Kenya urges foreign media to highlight positive issues on Africa
Kenya on Wednesday called on the international media to report about positive happenings in Africa instead on concentrating only on the negative ones.
Vice President Kalonzo Musyoka said Africa which he termed as "the continent of the future" has a lot of positive attributes worthy reporting on, yet the international media always highlighted the negatives, depicted Africa as "a continent of calamities and unceasing tragedies."
"Few international newsmakers bother to take a second look at the various outstanding endowments the continent boasts of," Musyoka said during the launch of China Central Television (CCTV) Africa News production Center in Nairobi.
"There are natural attributes found only in Africa that can support an upsurge of tourism in the continent, heroes and heroines who have overcome adversity to join the world's best and most illustrious and the advances at the continent have made towards modernizing her means of production across sectors," he said.
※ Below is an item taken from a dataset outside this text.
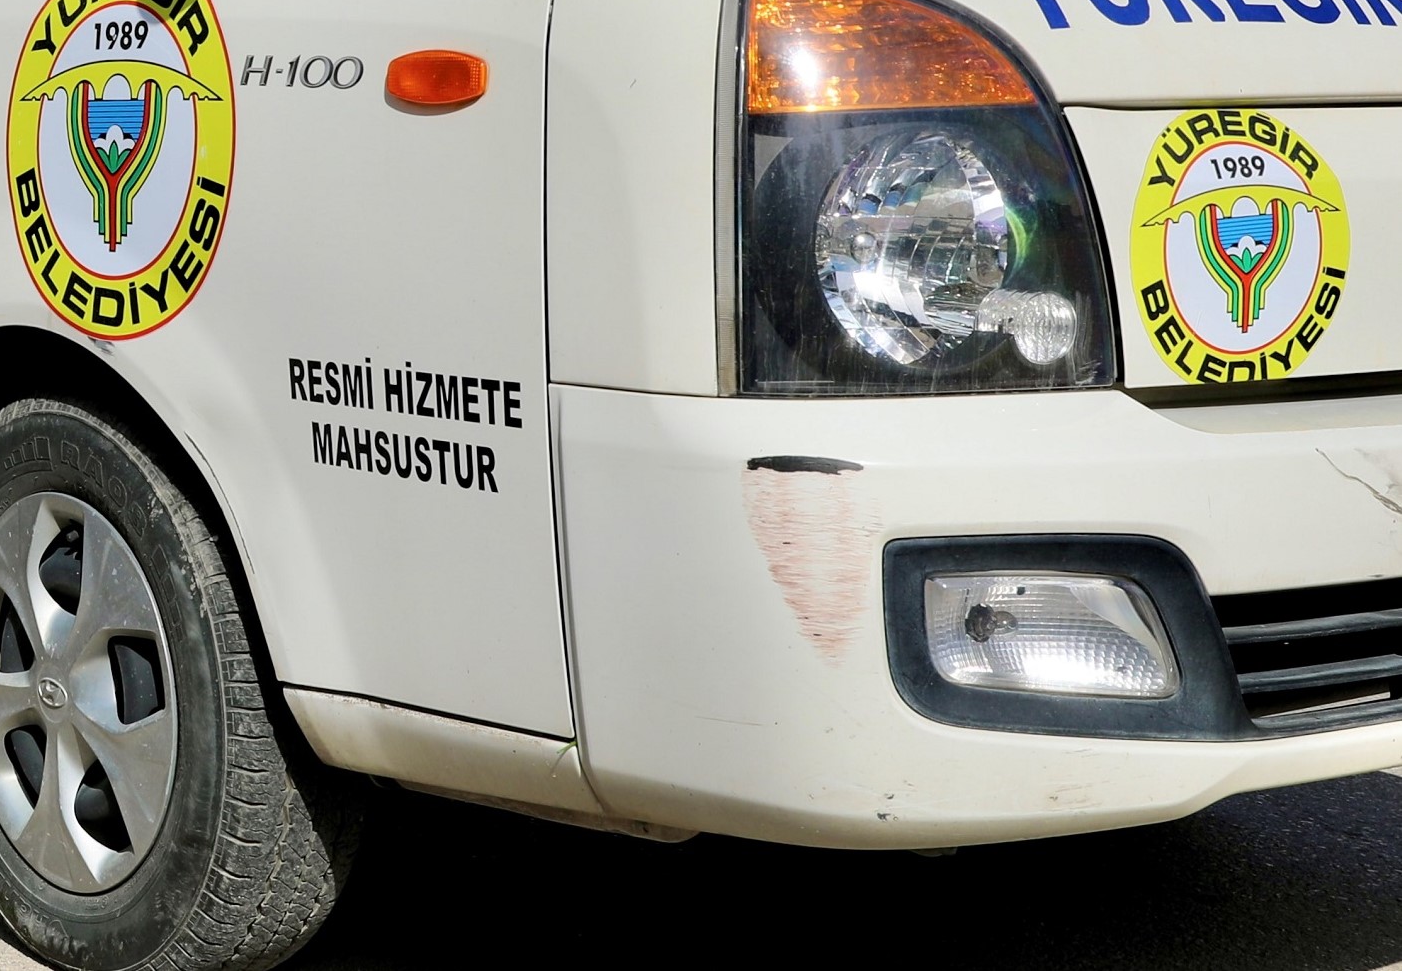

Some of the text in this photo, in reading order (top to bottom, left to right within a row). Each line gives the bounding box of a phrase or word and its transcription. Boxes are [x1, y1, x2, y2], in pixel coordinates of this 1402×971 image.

Musyoka urged the station to liaise closely with local media houses in order to increase its reach and strengthen Sino-African cultural understanding. "This in my view will enhance deeper cultural ties that will in turn be instrumental in cementing the relationship and understanding between the people of China and Africa," the Vice President noted. He stressed the important role technology and particularly television plays in promoting world peace and tolerance among diverse communities through bridging the wide geographical divides. "Unless modern states make deliberate efforts to use technology to link our diverse world and emphasize that human destiny is essentially one and inevitably intertwined, we shall forever dwell in firefighting to reconcile people instead of spending our energies in pulling our people out of poverty and ignorance," he added.
The vice president challenged CCTV to use the station in promoting development models that have worked for the more developed economies in the African continent. Musyoka commended the station for recruiting 90 percent of its editorial staff locally.
CCTV Vice President Sun Yusheng said that the opening of the new hub in Nairobi is in line with CCTV's desire to be a leading international media with global and balanced viewpoints. Kenya's Information and Communications Minister Samuel Poghisio noted the launch was apt as it occurred when the country had promulgated a new constitution that provides for abundant freedoms including that on the press. He said the government has provided the necessary environment for media investment through capacity building, development of infrastructure, ICT connectivity and upgrade and provision of regional networks among other measures.
The minister noted that the launch of the media hub in Nairobi will not only create employment opportunities for Kenyans, but also afford them the latest technologies in media broadcast field.